Assim, não há indicação de que haja contágio à Europa, mas é importante os supervisores e os governantes estarem atentos, comuniquem e decidirem de forma rápida e eficaz, se necessário.

Estes bancos seriam grandes em Portugal, mas são pequenos nos EUA. Estão abaixo dos radares de reguladores, poois não cumprem os requisitos mínimos de ativos (poucas reservas e grande exposição à imobiliária). Na Europa, a regulação foi muito reforçada após a crise financeira, de forma que mesmo os bancos mais pequenos são muito escrutinados e muito supervisionados.

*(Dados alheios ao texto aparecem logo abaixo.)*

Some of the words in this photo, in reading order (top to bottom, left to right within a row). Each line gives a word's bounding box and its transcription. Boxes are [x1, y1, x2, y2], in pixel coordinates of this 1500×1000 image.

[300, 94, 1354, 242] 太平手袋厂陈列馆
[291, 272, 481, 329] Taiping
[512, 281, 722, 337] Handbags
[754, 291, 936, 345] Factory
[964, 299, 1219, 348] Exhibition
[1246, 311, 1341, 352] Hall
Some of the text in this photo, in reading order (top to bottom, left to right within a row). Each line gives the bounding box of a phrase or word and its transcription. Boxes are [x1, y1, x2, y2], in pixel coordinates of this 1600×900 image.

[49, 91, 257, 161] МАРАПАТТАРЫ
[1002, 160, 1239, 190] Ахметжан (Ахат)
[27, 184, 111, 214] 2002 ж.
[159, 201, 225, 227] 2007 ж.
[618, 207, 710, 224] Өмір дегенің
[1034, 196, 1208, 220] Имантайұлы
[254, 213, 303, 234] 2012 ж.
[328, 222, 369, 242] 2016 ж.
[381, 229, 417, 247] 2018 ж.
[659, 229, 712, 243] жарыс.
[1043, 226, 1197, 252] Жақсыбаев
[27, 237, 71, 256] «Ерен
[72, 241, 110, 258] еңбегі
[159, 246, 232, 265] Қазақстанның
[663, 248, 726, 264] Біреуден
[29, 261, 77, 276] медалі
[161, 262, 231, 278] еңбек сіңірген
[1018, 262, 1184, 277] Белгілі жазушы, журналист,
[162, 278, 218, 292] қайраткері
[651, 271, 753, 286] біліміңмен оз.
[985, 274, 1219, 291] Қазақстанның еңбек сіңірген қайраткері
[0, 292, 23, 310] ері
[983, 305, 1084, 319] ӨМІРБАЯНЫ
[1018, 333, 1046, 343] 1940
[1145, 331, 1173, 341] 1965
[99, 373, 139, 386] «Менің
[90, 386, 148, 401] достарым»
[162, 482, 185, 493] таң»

Por isso, os receios de contágio à banca europeia são muito infundados, na ótica dos economistas.

À medida que a crise se ia desenrolando, analistas antecipavam a revisão por parte da FED do ciclo de subidas da taxa diretora, agora entre os 4,5% e os 4,75%. A subida das taxas pelo banco central dos EUA (há um ano estavam perto do zero) enquadrada no combate à inflação pode ser alvo de calibração. E, como a crise é escrutinada na Europa, pode fazer com que o Banco Central Europeu (BCE) reforce a prudência no ciclo de normalização da política monetária em curso.

No entanto, uma nota de research divulgada no dia 14 de março, a Goldman considera “limitada” a possibilidade de contágio à Europa, dada a baixa exposição europeia ao setor bancário norte-americano e à “ampla liquidez” dos bancos do Velho Continente. Porém, admite que o BCE, na reunião de política monetária deste mês, aumente as taxas de juro em 50 pontos base, como previsto, com a diferença de que não serão sinalizadas subidas para as próximas reuniões.